[Directions for this task] Please write out every record exactly, but keep any images out of it.

[Input data]

------------------------------

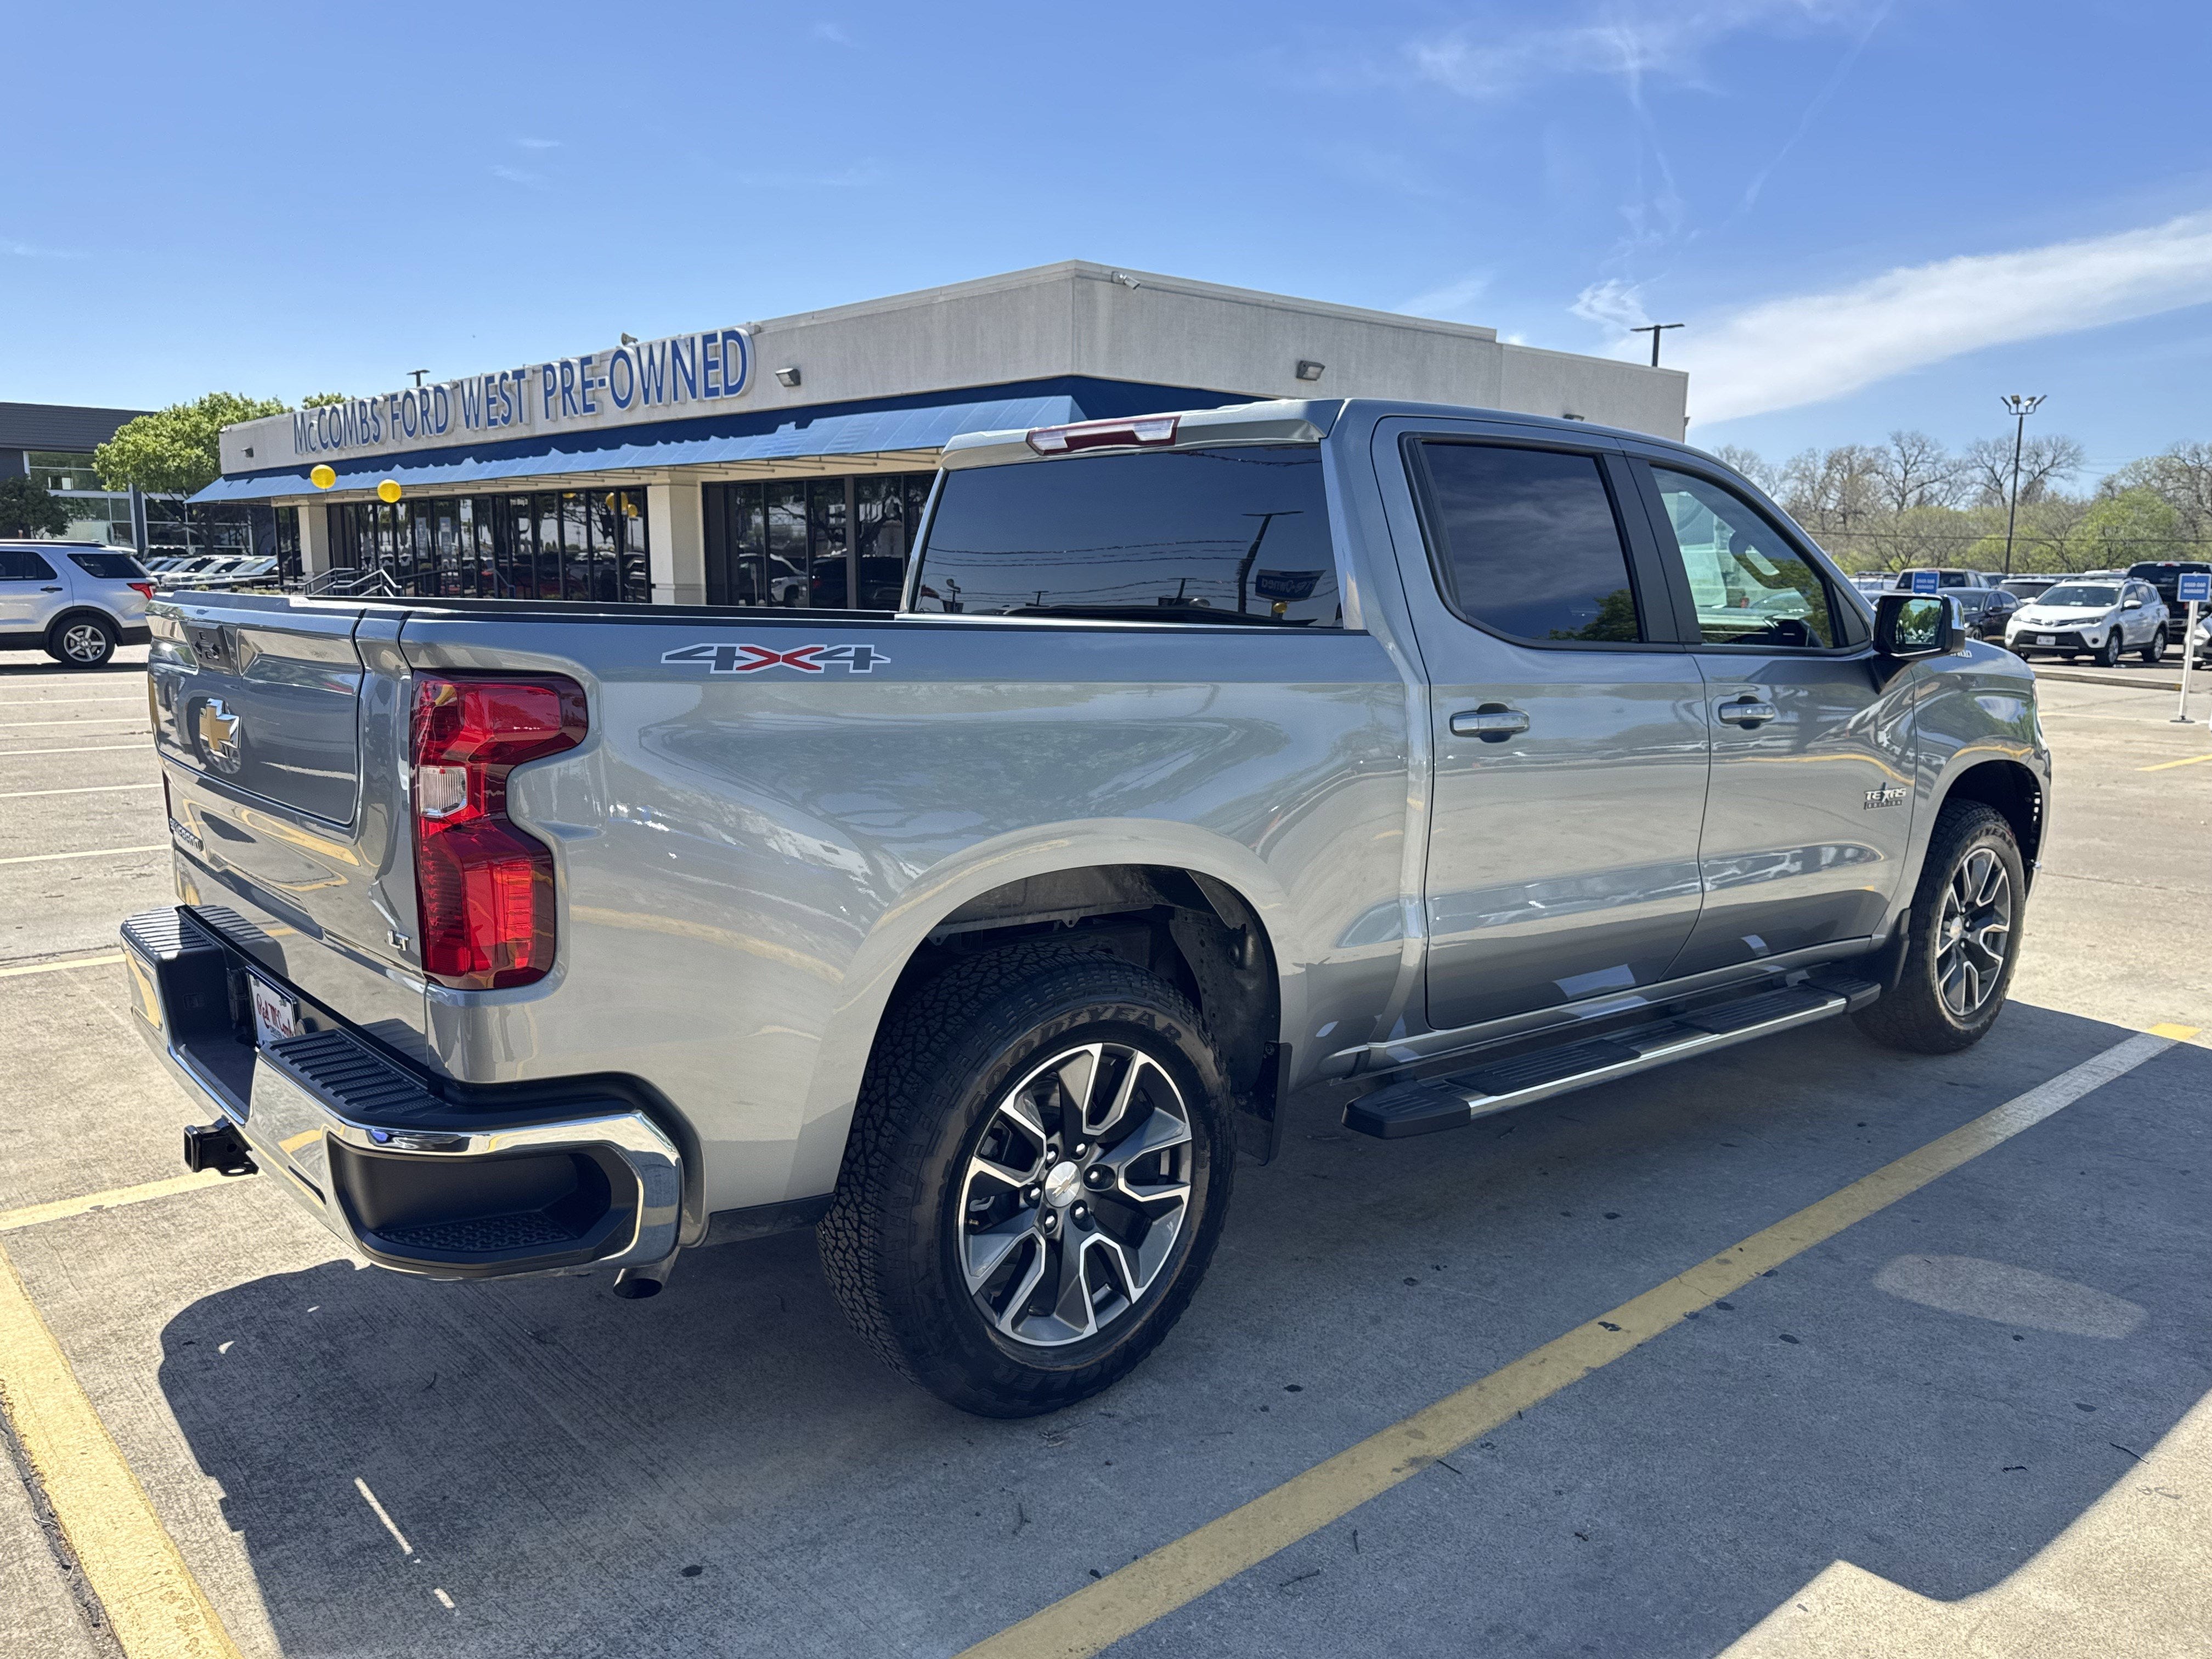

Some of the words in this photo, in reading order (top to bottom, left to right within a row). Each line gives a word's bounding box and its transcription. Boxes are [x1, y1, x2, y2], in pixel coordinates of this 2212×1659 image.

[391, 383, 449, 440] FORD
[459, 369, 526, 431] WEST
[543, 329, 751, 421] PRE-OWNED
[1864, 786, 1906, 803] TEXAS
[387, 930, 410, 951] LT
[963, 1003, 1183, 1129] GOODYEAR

------------------------------

[Task response]
Some of the words in this photo, in reading order (top to bottom, left to right within a row). Each line gives a word's bounding box and its transcription. Boxes are [x1, y1, x2, y2], in pixel coordinates of this 2212×1659 image.

[391, 383, 449, 440] FORD
[459, 369, 526, 431] WEST
[543, 329, 751, 421] PRE-OWNED
[1864, 786, 1906, 803] TEXAS
[387, 930, 410, 951] LT
[963, 1003, 1183, 1129] GOODYEAR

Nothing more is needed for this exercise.